My full list of publications is available as a

Selected publications (with emphasis on the past years)

Interactive Visual Data Exploration with Subjective Feedback

Kai Puolamäki, Bo Kang, Jefrey Lijffijt, Tijl De Bie. ECML PKDD 2016, Part II, LNCS 9852, pp. 214-229, 2016. [slides pdf, slides pptx, poster] http://dx.doi.org/10.1007/978-3-319-46227-1_14
Topics: explorative data analysis, randomization

Data visualization and iterative/interactive data mining are growing rapidly in attention, both in research as well as in industry. However, integrated methods and tools that combine advanced visualization and data mining techniques are rare, and those that exist are often specialized to a single problem or domain. In this paper, we introduce a novel generic method for interactive visual exploration of high-dimensional data. In contrast to most visualization tools, it is not based on the traditional dogma of manually zooming and rotating data. Instead, the tool initially presents the user with an ‘interesting’ projection of the data and then employs data randomization with constraints to allow users to flexibly and intuitively express their interests or beliefs using visual interactions that correspond to exactly defined constraints. These constraints expressed by the user are then taken into account by a projection-finding algorithm to compute a new ‘interesting’ projection, a process that can be iterated until the user runs out of time or finds that constraints explain everything she needs to find from the data. We present the tool by means of two case studies, one controlled study on synthetic data and another on real census data. The data and software related to this paper are available at http://www.interesting-patterns.net/forsied/interactive-visual-data-exploration-with-subjective-feedback/

Using regression makes extraction of shared variation in multiple datasets easy

Jussi Korpela, Andreas Henelius, Lauri Ahonen, Arto Klami, Kai Puolamäki. Data Mining and Knowledge Discovery, 30(5): 1112-1133, 2016. http://dx.doi.org/10.1007/s10618-016-0465-y
Topics: time series

In many data analysis tasks it is important to understand the relationships between different datasets. Several methods exist for this task but many of them are limited to two datasets and linear relationships. In this paper, we propose a new efficient algorithm, termed COCOREG, for the extraction of variation common to all datasets in a given collection of arbitrary size. COCOREG extends redundancy analysis to more than two datasets, utilizing chains of regression functions to extract the shared variation in the original data space. The algorithm can be used with any linear or non-linear regression function, which makes it robust, straightforward, fast, and easy to implement and use. We empirically demonstrate the efficacy of shared variation extraction using the COCOREG algorithm on five artificial and three real datasets.

Size matters: choosing the most informative set of window lengths for mining patterns in event sequences

Jefrey Lijffijt, Panagiotis Papapetrou, Kai Puolamäki. Data Mining and Knowledge Discovery, 29(6): 1838-1864, 2015. http://dx.doi.org/10.1007/s10618-014-0397-3
Topics: time series

In order to find patterns in data, it is often necessary to aggregate or summarise data at a higher level of granularity. Selecting the appropriate granularity is a challenging task and often no principled solutions exist. This problem is particularly relevant in analysis of data with sequential structure. We consider this problem for a specific type of data, namely event sequences.
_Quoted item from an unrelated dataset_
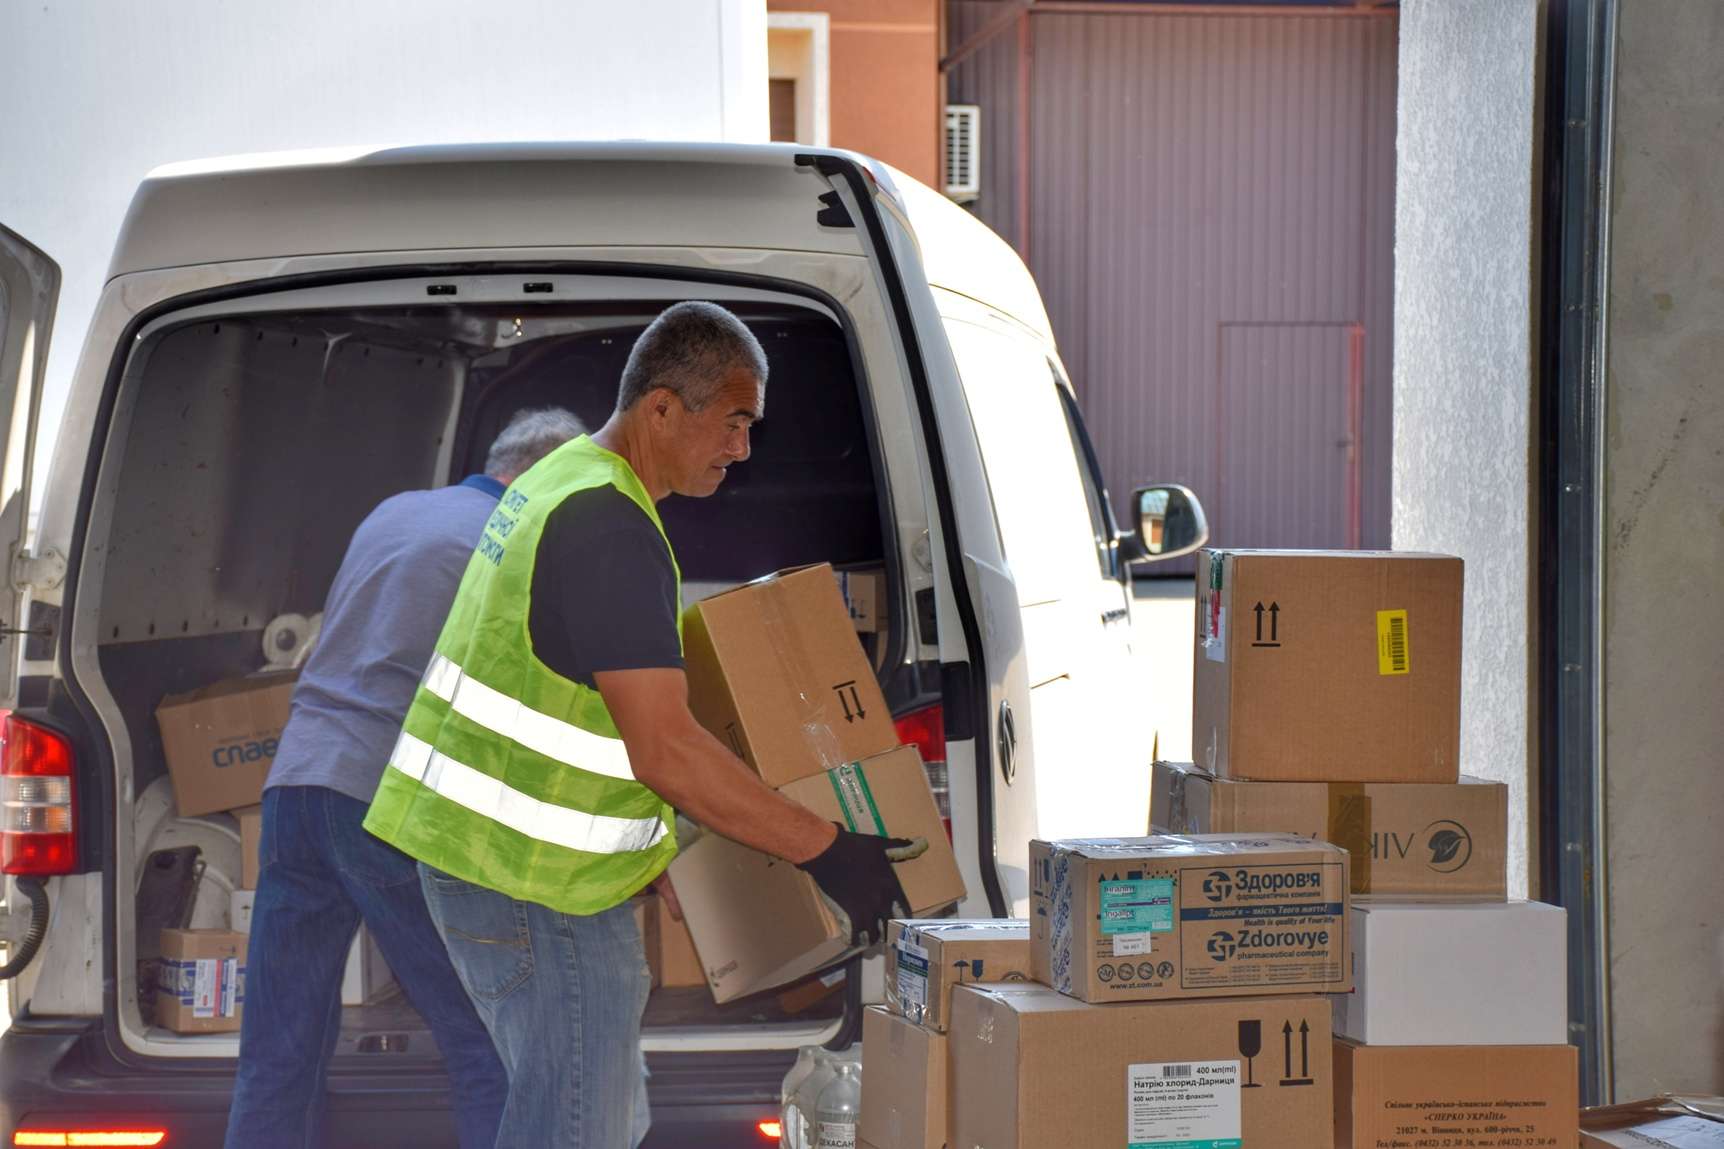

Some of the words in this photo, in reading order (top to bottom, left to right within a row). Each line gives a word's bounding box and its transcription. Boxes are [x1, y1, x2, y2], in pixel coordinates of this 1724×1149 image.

We introduce the problem of finding the best set of window lengths for analysis of event sequences for algorithms with real-valued output. We present suitable criteria for choosing one or multiple window lengths and show that these naturally translate into a computational optimisation problem. We show that the problem is NP-hard in general, but that it can be approximated efficiently and even analytically in certain cases. We give examples of tasks that demonstrate the applicability of the problem and present extensive experiments on both synthetic data and real data from several domains. We find that the method works well in practice, and that the optimal sets of window lengths themselves can provide new insight into the data.

A peek into the black box: exploring classifiers by randomization

Andreas Henelius, Kai Puolamäki, Henrik Boström, Lars Asker, Panagiotis Papapetrou. Data Mining and Knowledge Discovery, 28(5-6): 1503-1529, 2014. [slides, poster] http://dx.doi.org/10.1007/s10618-014-0368-8
Topics: randomization

Classifiers are often opaque and cannot easily be inspected to gain understanding of which factors are of importance. We propose an efficient iterative algorithm to find the attributes and dependencies used by any classifier when making predictions. The performance and utility of the algorithm is demonstrated on two synthetic and 26 real-world datasets, using 15 commonly used learning algorithms to generate the classifiers. The empirical investigation shows that the novel algorithm is indeed able to find groupings of interacting attributes exploited by the different classifiers. These groupings allow for finding similarities among classifiers for a single dataset as well as for determining the extent to which different classifiers exploit such interactions in general.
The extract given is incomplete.